**Exercise details**
Line by line, retype the material with nothing left out.
-------- Entries shown
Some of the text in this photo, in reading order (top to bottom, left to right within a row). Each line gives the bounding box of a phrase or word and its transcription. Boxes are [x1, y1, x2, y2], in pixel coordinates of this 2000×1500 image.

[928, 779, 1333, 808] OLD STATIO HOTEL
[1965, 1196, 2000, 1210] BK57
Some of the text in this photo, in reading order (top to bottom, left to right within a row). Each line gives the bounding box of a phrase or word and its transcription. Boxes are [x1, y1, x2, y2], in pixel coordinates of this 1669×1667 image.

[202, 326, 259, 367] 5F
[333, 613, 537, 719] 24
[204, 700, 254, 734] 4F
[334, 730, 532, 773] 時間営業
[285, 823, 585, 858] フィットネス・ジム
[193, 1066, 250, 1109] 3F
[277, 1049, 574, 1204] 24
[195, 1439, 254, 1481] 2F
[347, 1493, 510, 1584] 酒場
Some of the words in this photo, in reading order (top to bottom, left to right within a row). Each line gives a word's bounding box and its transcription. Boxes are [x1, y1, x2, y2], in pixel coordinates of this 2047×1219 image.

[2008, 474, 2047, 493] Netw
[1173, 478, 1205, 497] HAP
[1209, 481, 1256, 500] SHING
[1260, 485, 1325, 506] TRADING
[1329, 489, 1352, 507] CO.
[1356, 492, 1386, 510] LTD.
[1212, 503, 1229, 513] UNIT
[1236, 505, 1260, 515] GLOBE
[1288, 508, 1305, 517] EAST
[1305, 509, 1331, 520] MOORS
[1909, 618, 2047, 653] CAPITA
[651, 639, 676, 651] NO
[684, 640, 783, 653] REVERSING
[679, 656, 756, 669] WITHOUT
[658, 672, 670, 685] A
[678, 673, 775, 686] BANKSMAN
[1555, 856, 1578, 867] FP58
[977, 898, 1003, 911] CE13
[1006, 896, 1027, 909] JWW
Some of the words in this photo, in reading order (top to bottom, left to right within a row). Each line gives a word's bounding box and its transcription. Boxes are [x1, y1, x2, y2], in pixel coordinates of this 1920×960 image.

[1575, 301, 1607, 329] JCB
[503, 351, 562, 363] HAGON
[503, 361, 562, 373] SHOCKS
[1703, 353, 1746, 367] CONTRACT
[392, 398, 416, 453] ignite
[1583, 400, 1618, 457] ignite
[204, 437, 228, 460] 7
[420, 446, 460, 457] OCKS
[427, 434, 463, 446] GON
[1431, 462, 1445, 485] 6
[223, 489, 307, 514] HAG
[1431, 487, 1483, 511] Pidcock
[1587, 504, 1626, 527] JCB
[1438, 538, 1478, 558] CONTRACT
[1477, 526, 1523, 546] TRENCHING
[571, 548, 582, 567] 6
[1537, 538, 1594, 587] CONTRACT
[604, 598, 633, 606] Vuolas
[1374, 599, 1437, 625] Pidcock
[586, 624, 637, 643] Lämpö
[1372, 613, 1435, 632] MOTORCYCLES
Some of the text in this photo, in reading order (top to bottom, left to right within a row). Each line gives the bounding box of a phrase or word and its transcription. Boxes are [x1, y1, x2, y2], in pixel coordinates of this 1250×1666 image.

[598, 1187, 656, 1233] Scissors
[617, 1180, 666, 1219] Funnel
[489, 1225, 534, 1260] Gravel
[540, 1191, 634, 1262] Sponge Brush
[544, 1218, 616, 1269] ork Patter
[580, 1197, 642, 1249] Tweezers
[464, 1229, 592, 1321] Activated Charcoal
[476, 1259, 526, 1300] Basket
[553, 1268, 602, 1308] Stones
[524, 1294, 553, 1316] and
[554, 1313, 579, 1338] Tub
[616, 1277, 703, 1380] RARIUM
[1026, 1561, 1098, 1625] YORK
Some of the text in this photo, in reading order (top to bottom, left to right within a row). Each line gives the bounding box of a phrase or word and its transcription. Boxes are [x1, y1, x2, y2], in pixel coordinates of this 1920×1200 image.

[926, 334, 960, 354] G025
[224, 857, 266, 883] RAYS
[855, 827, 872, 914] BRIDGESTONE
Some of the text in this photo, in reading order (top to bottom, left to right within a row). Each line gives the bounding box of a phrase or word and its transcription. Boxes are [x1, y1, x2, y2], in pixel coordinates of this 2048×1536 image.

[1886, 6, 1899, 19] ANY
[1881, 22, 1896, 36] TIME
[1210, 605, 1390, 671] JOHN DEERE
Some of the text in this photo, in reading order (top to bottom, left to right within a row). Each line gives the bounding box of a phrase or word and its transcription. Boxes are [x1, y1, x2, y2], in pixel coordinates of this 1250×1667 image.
----------------
**Task answer**
Some of the text in this photo, in reading order (top to bottom, left to right within a row). Each line gives the bounding box of a phrase or word and its transcription. Boxes are [x1, y1, x2, y2], in pixel coordinates of this 2000×1500 image.

[928, 779, 1333, 808] OLD STATIO HOTEL
[1965, 1196, 2000, 1210] BK57
Some of the text in this photo, in reading order (top to bottom, left to right within a row). Each line gives the bounding box of a phrase or word and its transcription. Boxes are [x1, y1, x2, y2], in pixel coordinates of this 1669×1667 image.

[202, 326, 259, 367] 5F
[333, 613, 537, 719] 24
[204, 700, 254, 734] 4F
[334, 730, 532, 773] 時間営業
[285, 823, 585, 858] フィットネス・ジム
[193, 1066, 250, 1109] 3F
[277, 1049, 574, 1204] 24
[195, 1439, 254, 1481] 2F
[347, 1493, 510, 1584] 酒場
Some of the words in this photo, in reading order (top to bottom, left to right within a row). Each line gives a word's bounding box and its transcription. Boxes are [x1, y1, x2, y2], in pixel coordinates of this 2047×1219 image.

[2008, 474, 2047, 493] Netw
[1173, 478, 1205, 497] HAP
[1209, 481, 1256, 500] SHING
[1260, 485, 1325, 506] TRADING
[1329, 489, 1352, 507] CO.
[1356, 492, 1386, 510] LTD.
[1212, 503, 1229, 513] UNIT
[1236, 505, 1260, 515] GLOBE
[1288, 508, 1305, 517] EAST
[1305, 509, 1331, 520] MOORS
[1909, 618, 2047, 653] CAPITA
[651, 639, 676, 651] NO
[684, 640, 783, 653] REVERSING
[679, 656, 756, 669] WITHOUT
[658, 672, 670, 685] A
[678, 673, 775, 686] BANKSMAN
[1555, 856, 1578, 867] FP58
[977, 898, 1003, 911] CE13
[1006, 896, 1027, 909] JWW
Some of the words in this photo, in reading order (top to bottom, left to right within a row). Each line gives a word's bounding box and its transcription. Boxes are [x1, y1, x2, y2], in pixel coordinates of this 1920×960 image.

[1575, 301, 1607, 329] JCB
[503, 351, 562, 363] HAGON
[503, 361, 562, 373] SHOCKS
[1703, 353, 1746, 367] CONTRACT
[392, 398, 416, 453] ignite
[1583, 400, 1618, 457] ignite
[204, 437, 228, 460] 7
[420, 446, 460, 457] OCKS
[427, 434, 463, 446] GON
[1431, 462, 1445, 485] 6
[223, 489, 307, 514] HAG
[1431, 487, 1483, 511] Pidcock
[1587, 504, 1626, 527] JCB
[1438, 538, 1478, 558] CONTRACT
[1477, 526, 1523, 546] TRENCHING
[571, 548, 582, 567] 6
[1537, 538, 1594, 587] CONTRACT
[604, 598, 633, 606] Vuolas
[1374, 599, 1437, 625] Pidcock
[586, 624, 637, 643] Lämpö
[1372, 613, 1435, 632] MOTORCYCLES
Some of the text in this photo, in reading order (top to bottom, left to right within a row). Each line gives the bounding box of a phrase or word and its transcription. Boxes are [x1, y1, x2, y2], in pixel coordinates of this 1250×1666 image.

[598, 1187, 656, 1233] Scissors
[617, 1180, 666, 1219] Funnel
[489, 1225, 534, 1260] Gravel
[540, 1191, 634, 1262] Sponge Brush
[544, 1218, 616, 1269] ork Patter
[580, 1197, 642, 1249] Tweezers
[464, 1229, 592, 1321] Activated Charcoal
[476, 1259, 526, 1300] Basket
[553, 1268, 602, 1308] Stones
[524, 1294, 553, 1316] and
[554, 1313, 579, 1338] Tub
[616, 1277, 703, 1380] RARIUM
[1026, 1561, 1098, 1625] YORK
Some of the text in this photo, in reading order (top to bottom, left to right within a row). Each line gives the bounding box of a phrase or word and its transcription. Boxes are [x1, y1, x2, y2], in pixel coordinates of this 1920×1200 image.

[926, 334, 960, 354] G025
[224, 857, 266, 883] RAYS
[855, 827, 872, 914] BRIDGESTONE
Some of the text in this photo, in reading order (top to bottom, left to right within a row). Each line gives the bounding box of a phrase or word and its transcription. Boxes are [x1, y1, x2, y2], in pixel coordinates of this 2048×1536 image.

[1886, 6, 1899, 19] ANY
[1881, 22, 1896, 36] TIME
[1210, 605, 1390, 671] JOHN DEERE
Some of the text in this photo, in reading order (top to bottom, left to right within a row). Each line gives the bounding box of a phrase or word and its transcription. Boxes are [x1, y1, x2, y2], in pixel coordinates of this 1250×1667 image.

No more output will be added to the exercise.